Muito foi escrito, entre orientais e ocidentais, a respeito do hai-kai ou haiku (como no livro em questão). Uma pequena frase no entanto pode sintetizar tudo o que se escreveu sobre ele. Seu sonho? “Colocar em palavras o silêncio”[1]. Logo, que sobre a teoria do hai-kai eu... silencie. Não sem antes lembrar que a Editora da UNICAMP publicou um precioso livros sobre hai-kais. Nele cada poema aparece em sua forma ideogramática japonesa, aparece como seria lido nesta língua, aparece traduzido de forma linear 9e aí se vê como o japonês pensa, sonha e escreve de forma diferente, e, finalmente, em uma forma afinal, brasileira, logo ocidental[2].
Vejamos como. Tomemos como exemplo o haikai de Issa, que no livro está na página 75.
Não transcrevo aqui os ideogramas japoneses.
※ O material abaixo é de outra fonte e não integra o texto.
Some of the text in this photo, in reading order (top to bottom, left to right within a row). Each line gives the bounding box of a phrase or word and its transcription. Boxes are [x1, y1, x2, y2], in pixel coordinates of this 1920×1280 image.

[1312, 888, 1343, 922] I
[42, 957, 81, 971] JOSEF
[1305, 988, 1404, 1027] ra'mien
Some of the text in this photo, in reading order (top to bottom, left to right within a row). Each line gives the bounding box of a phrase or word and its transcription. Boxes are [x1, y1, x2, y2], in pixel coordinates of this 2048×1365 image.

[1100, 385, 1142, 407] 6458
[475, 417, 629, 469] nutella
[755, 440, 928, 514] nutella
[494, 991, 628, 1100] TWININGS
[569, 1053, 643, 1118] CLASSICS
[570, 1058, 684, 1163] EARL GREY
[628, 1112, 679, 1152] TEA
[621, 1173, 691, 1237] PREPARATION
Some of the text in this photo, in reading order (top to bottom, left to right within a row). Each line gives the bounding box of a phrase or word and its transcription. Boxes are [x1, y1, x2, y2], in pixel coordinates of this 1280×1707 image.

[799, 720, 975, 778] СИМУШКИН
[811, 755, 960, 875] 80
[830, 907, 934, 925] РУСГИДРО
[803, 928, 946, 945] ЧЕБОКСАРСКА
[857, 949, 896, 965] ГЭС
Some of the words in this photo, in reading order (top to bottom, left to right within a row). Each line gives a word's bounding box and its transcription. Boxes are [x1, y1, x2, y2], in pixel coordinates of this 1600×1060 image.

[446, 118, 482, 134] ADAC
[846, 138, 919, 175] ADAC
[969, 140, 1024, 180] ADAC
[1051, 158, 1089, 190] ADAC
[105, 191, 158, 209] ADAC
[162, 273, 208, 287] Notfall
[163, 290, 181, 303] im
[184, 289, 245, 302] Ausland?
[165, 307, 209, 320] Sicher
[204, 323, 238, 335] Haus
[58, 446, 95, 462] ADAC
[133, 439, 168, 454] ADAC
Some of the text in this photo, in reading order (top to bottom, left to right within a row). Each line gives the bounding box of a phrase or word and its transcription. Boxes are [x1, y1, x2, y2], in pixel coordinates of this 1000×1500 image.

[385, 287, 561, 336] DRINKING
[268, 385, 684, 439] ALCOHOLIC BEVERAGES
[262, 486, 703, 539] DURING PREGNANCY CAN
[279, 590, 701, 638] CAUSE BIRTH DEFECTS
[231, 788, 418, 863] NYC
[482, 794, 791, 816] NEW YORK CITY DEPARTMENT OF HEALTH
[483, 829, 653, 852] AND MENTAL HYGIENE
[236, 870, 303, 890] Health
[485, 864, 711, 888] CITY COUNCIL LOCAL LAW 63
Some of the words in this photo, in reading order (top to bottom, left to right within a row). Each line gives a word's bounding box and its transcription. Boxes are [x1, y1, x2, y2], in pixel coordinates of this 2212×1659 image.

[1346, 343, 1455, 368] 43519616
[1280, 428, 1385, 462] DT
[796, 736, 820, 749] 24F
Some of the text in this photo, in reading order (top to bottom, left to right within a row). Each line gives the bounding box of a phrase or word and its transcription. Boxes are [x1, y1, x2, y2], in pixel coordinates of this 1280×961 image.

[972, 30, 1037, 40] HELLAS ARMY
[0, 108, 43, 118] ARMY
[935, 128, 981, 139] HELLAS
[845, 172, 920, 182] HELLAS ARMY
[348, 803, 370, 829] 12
Mas o haikai, dito em Japonês com letras ocidentais soaria assim:

nodokasa ya
kakima wo nozobu
yama so nô

Na lógica e na sensibilidade japonesas, traduzido para o Português ele deveria soar desta maneira:

tranqüilidade
fresta da cerca espia
monge (do templo) da montanha

E o mesmo haikai, retraduzido agora para um Português “nosso” tomou esta forma.

Calma de primavera –
O monge da montanha
Espia através da cerca.

Logo se verá que os haiku ou haikais desta coletânea  são uma retradução de tradução. No entanto, entre o que vivemos, vemos, ouvimos e lemos, o que não é assim?
Minhas iniciais - crb – aparecerão logo ao final de alguns pequenos poemas. 
Alguns poemas-de-três-linhas, outros de mais uma ou duas e com uma rima entre duas palavras. São momentos em que, inspirado pelo seu original-francês, aventurei talvez indevidamente uma recriação livre minha. São, portanto, outra coisa que não um hai-kai (eu não ousaria tanto!). Um poemeto leve e solto, de repente, inspirado em um hai-kai original traduzido para uma outra linha e reinventado – ou transgredido -em uma outra ainda. O que seria um plágio, não fosse esta confissão antecipada. Reconheço que estes pequenos poemas – muito caros e alguns geniais em Millor Fernandes – serão o próprio contraponto do haikai, ou hai-kai, ou haiku.  Quis escreve-los, no entanto, na medida em que me saiam de forma espontânea. E os escrevi como um ocidental de agora. Ou quase.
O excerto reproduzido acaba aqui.